[Exercise aim]:
Your copy of the lines below must match them exactly and contain no images.

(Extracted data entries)
BEGIN

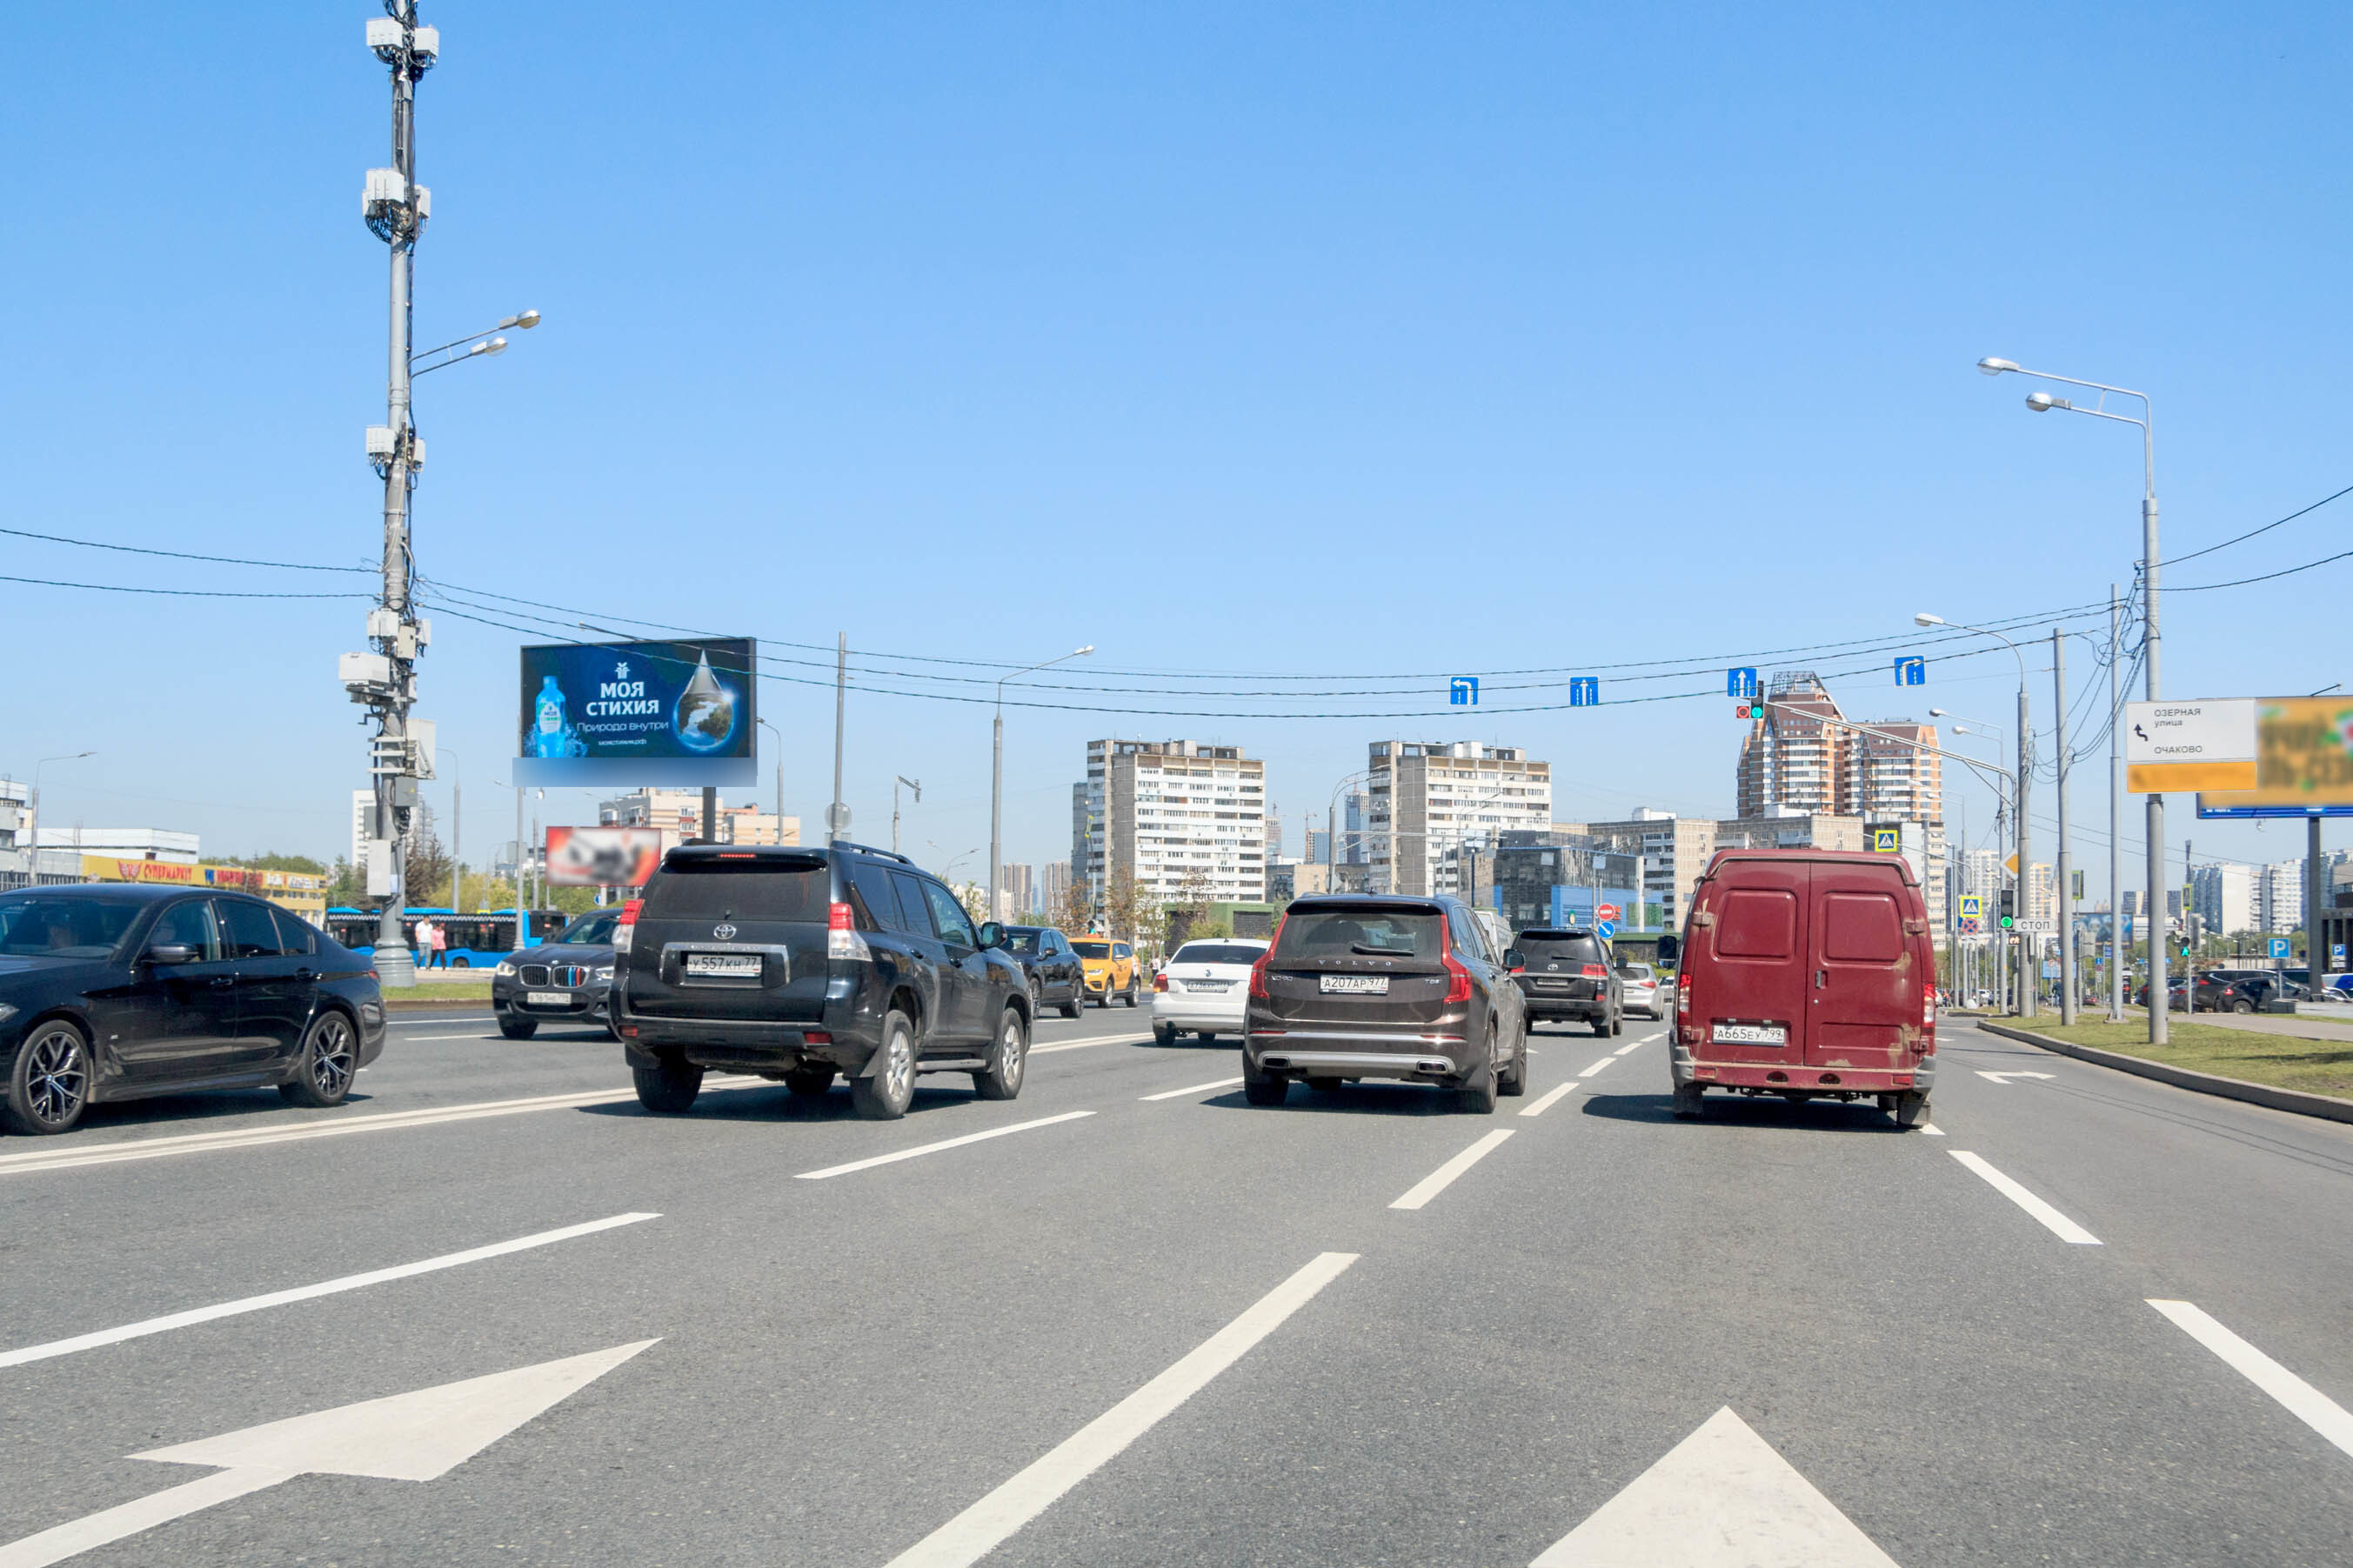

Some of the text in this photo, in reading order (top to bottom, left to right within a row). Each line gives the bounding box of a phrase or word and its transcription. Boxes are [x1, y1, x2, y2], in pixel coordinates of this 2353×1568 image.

[600, 682, 645, 698] МОЯ
[585, 699, 659, 716] СТИХИЯ
[2154, 708, 2201, 717] ОЗЕРНАЯ
[577, 721, 669, 733] Природа внутри
[2154, 719, 2183, 728] улица
[2154, 745, 2203, 755] ОЧАКОВО
[2021, 921, 2050, 930] СТОП
[2274, 940, 2286, 956] P
[2334, 945, 2343, 955] P
[745, 957, 758, 966] 77
[1324, 976, 1386, 989] А207АР 977

END

[Response below]:
Some of the text in this photo, in reading order (top to bottom, left to right within a row). Each line gives the bounding box of a phrase or word and its transcription. Boxes are [x1, y1, x2, y2], in pixel coordinates of this 2353×1568 image.

[600, 682, 645, 698] МОЯ
[585, 699, 659, 716] СТИХИЯ
[2154, 708, 2201, 717] ОЗЕРНАЯ
[577, 721, 669, 733] Природа внутри
[2154, 719, 2183, 728] улица
[2154, 745, 2203, 755] ОЧАКОВО
[2021, 921, 2050, 930] СТОП
[2274, 940, 2286, 956] P
[2334, 945, 2343, 955] P
[745, 957, 758, 966] 77
[1324, 976, 1386, 989] А207АР 977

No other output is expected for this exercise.